>>>>>

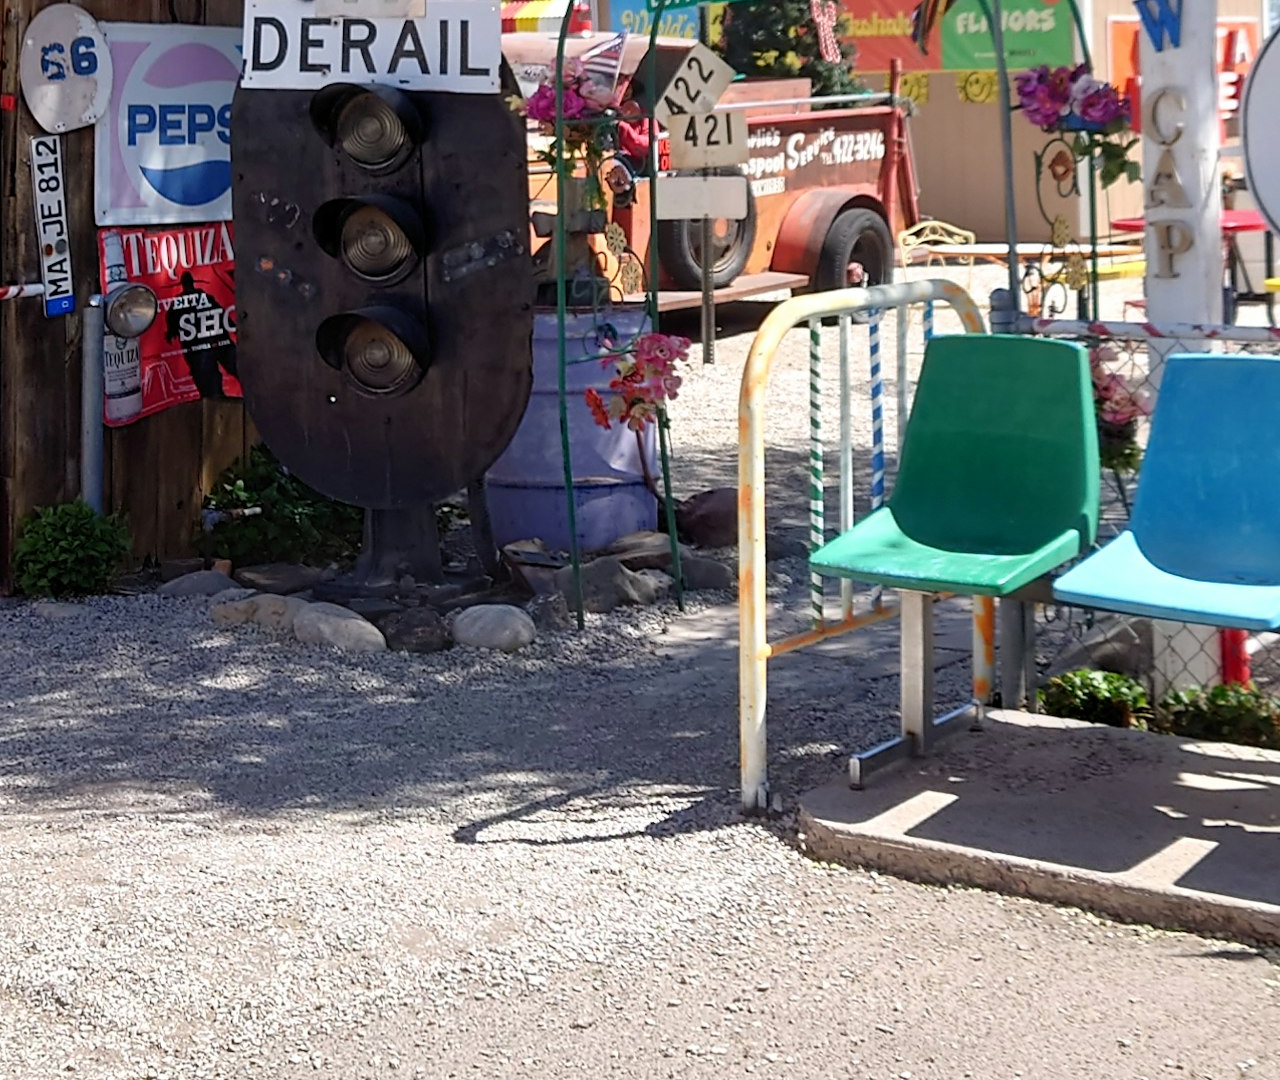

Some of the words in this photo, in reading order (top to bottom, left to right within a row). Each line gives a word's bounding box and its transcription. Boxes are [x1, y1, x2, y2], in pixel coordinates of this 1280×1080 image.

[251, 16, 490, 77] DERAIL
[664, 55, 714, 116] 422
[685, 113, 732, 147] 421
[832, 131, 886, 164] 422-3246
[35, 138, 61, 192] 812
[1145, 90, 1193, 280] CAP
[41, 200, 67, 238] JE
[48, 258, 70, 298] MA
[122, 222, 235, 280] TEQUIZA
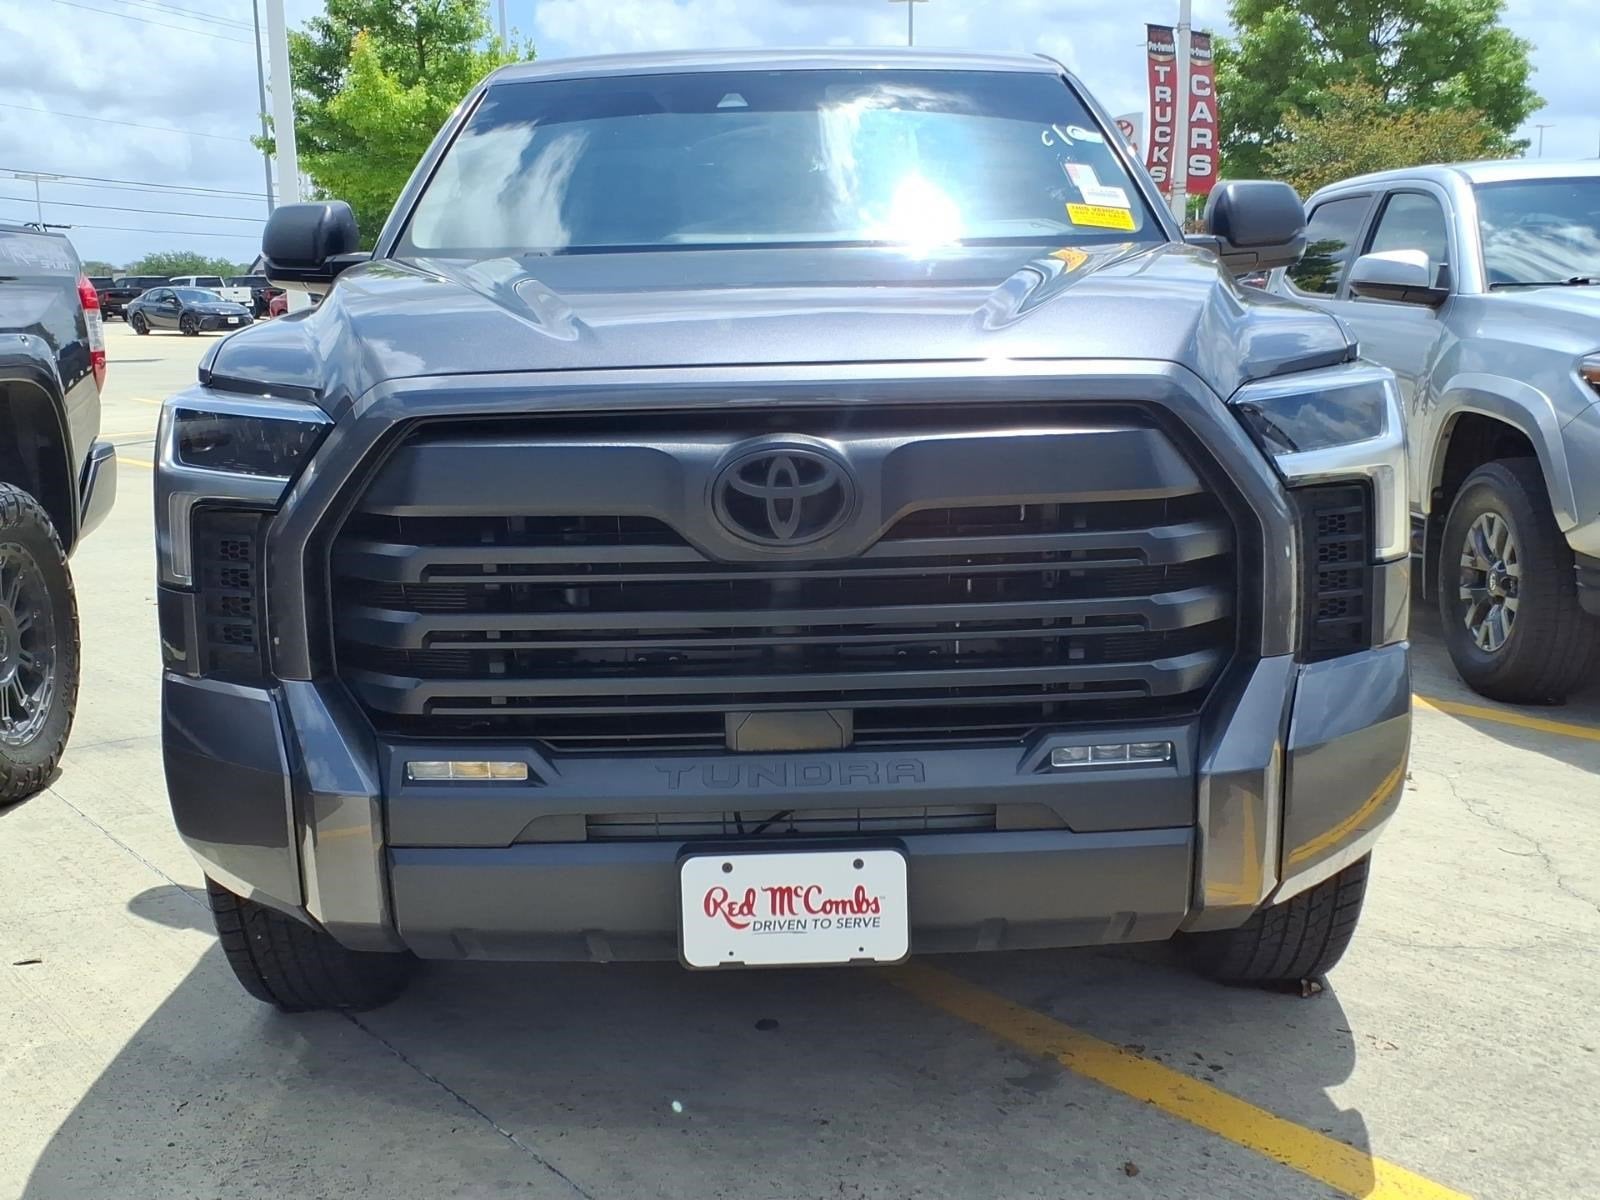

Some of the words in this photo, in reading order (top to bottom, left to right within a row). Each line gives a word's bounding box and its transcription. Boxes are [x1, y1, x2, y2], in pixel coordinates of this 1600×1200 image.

[1149, 66, 1172, 182] TRUCKS
[1188, 74, 1214, 176] CARS
[655, 757, 926, 790] TUNDRA
[703, 886, 757, 930] Red
[761, 884, 881, 917] McCombs
[752, 919, 807, 932] DRIVEN
[812, 918, 832, 930] TO
[836, 916, 881, 929] SERVE
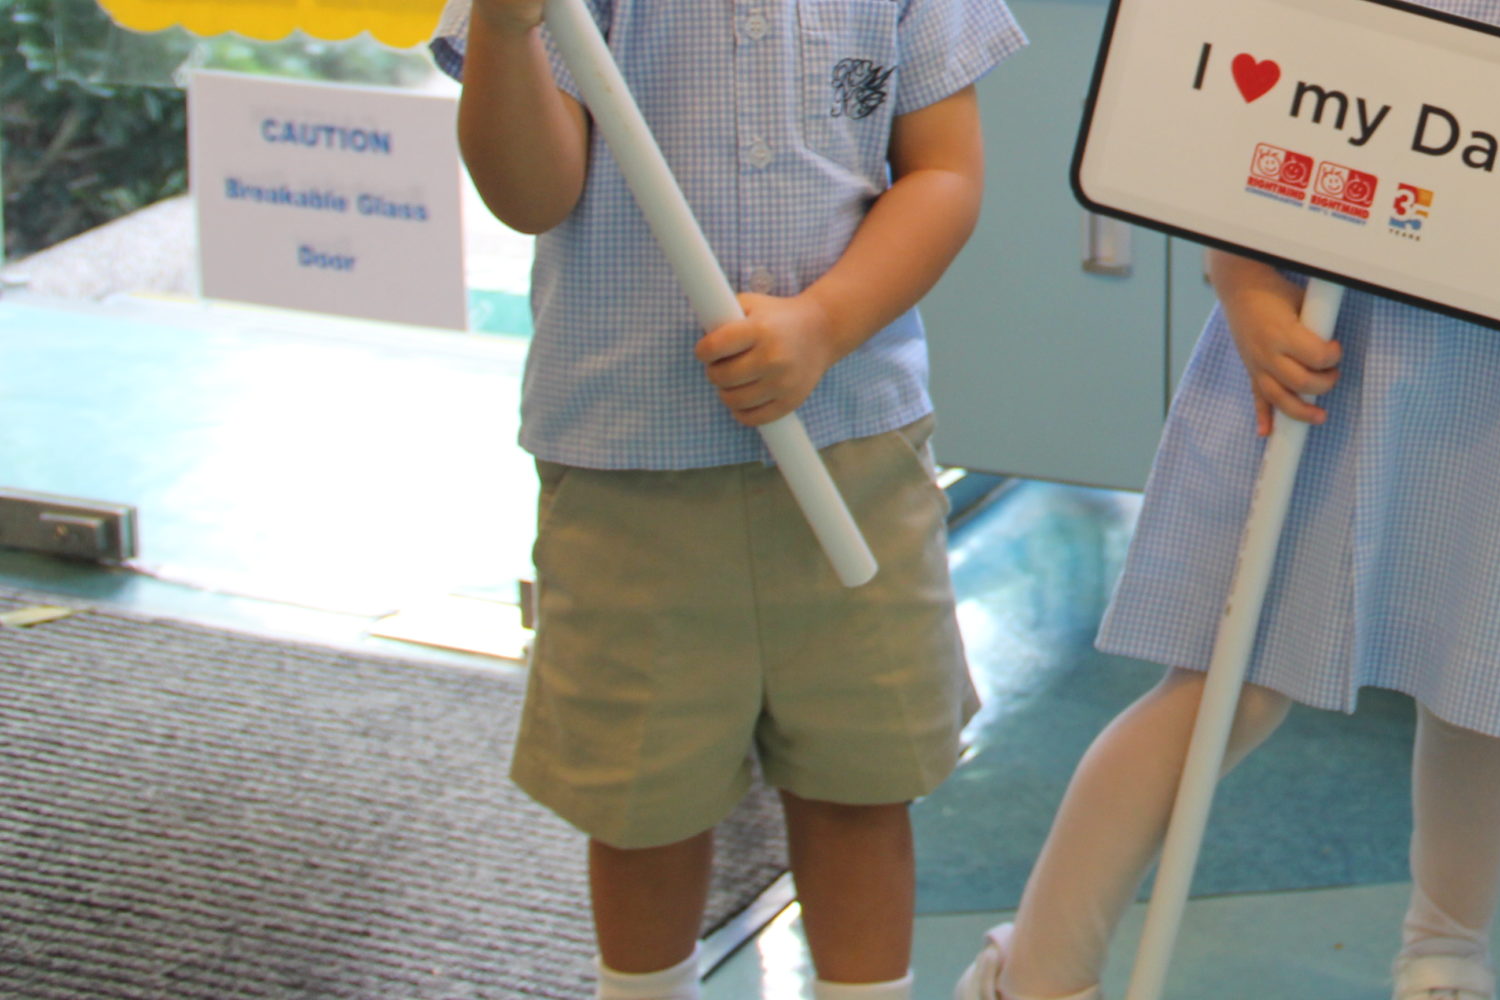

<<<<<

YOUR GOAL ▸
What is wanted is the listing, written out exactly, with each picture removed.

TASK RESULT ▸
Some of the words in this photo, in reading order (top to bottom, left to right within a row). Each line gives a word's bounding box and its transcription. Boxes are [x1, y1, x2, y2], in pixel coordinates of this 1280×1080 image.

[251, 16, 490, 77] DERAIL
[664, 55, 714, 116] 422
[685, 113, 732, 147] 421
[832, 131, 886, 164] 422-3246
[35, 138, 61, 192] 812
[1145, 90, 1193, 280] CAP
[41, 200, 67, 238] JE
[48, 258, 70, 298] MA
[122, 222, 235, 280] TEQUIZA

Some of the words in this photo, in reading order (top to bottom, left to right within a row). Each line gives a word's bounding box and its transcription. Boxes are [x1, y1, x2, y2], in pixel coordinates of this 1600×1200 image.

[1149, 66, 1172, 182] TRUCKS
[1188, 74, 1214, 176] CARS
[655, 757, 926, 790] TUNDRA
[703, 886, 757, 930] Red
[761, 884, 881, 917] McCombs
[752, 919, 807, 932] DRIVEN
[812, 918, 832, 930] TO
[836, 916, 881, 929] SERVE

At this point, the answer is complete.